Beulah Louise Henry was born in Raleigh, North Carolina, on September 28, 1887, to an artistic family. Beulah’s father was an attorney but also an authority on art. Her mother was an artist. She was the granddaughter of North Carolina Governor William Woods Holden and a direct descendant of President Benjamin Harrison on her mother’s side, and of founding father Patrick Henry on her father’s side. When she was just a small girl, her favorite hobby was studying how to improve innovations and create more practical objects. She was always tinkering with things!
Beulah attended Presbyterian College for Women and Elizabeth College in Charlotte from 1909 to 1912. However, she never had a degree in engineering, but she always said it made her more creative when it came to finding solutions. Beulah’s passion became inventions that improved the lives of women. By the 1930s, she had the nickname “Lady Edison.” This brilliant, self taught woman achieved enormous fame as an inventor in a male-dominated profession.

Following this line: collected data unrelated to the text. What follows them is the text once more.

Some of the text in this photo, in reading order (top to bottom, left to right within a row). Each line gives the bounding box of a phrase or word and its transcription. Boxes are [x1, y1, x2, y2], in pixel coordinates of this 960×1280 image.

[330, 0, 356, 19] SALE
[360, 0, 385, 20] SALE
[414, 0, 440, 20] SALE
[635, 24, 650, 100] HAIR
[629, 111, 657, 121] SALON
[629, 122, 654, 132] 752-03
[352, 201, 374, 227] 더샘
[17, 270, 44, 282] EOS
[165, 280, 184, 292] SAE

When Beulah was in her mid 20s, she applied for a patent for a vacuum ice cream freezer, which was a device that would make ice cream without all the cranking required of existing manual ice cream makers. She applied for two other patents the following year; one for a handbag and the other for an umbrella featuring a snap on cloth cover, allowing the device to be coordinated with the users’ clothing.
The Henry family moved to New York City in 1919 to support Beulah’s marketing prospects. Selling her umbrella idea to manufacturers proved challenging. They sent her away, saying it could not be done. To that, Beulah responded by making her own prototype and opened her own business, the Henry Umbrella and Parasol Company. Her umbrellas had a large market in New York, and Scientific American featured her as an “outstanding inventor.”

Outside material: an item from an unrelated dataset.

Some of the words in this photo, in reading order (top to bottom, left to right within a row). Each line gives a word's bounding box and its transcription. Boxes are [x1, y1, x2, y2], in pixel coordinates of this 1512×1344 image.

By 1924, Beulah sold the rights to her umbrella cover invention for $50,000 (approximately $630.000 today). This enabled her to set up her own laboratory. She hired mechanics, model makers and drafting technicians who turned her rough ideas into prototypes. Beulah had one successful invention after another and this self taught woman gained a reputation as one of the most prolific inventors of the time.
During the 1920s, Beulah received patents for the spring limbed doll, and eyes on a doll that opened and closed, a valve for inflatable articles, and the Dolly Dips, sponges that had soap in the middle. (She also designed the machine that produced the sponges). She also has patents for The Kiddie Clock (used to help children learn to tell time). This was at a time in history where only 2% of patents granted were to women. Beulah Henry is one of the few women in the early 1900s who could make a living as an inventor.
In the 1930s and 1940s, Beulah made improvements to sewing machines (a bobbin less machine that made a double stitch) and typewriters (a feeding and aligning device, as well as an attachment for duplication), several children’s toys. Among other inventions and patents, she also created continuously attached envelopes for mass mailing and direct return mailing envelopes, a can opener, and a hair curler. She created over 100 valuable household and office items—and held 49 patents.
In her spare time, Beulah enjoyed painting, writing, and caring for animals. She was an active member of the Audubon Society, the League for Animals, and other institutions.
The National Inventors Hall of Fame posthumously inducted Beulah Louise Henry in 2006. The U.S. Patent and Trademark Office said: “Her technologies were complex and ingenious, yet easy to manufacture and use. Her typewriters, toys, sewing machines and women’s apparel made Henry a famous and beloved figure nationwide.”
Her legacy lives on in the many inventions and improvements to existing products she made throughout her lifetime.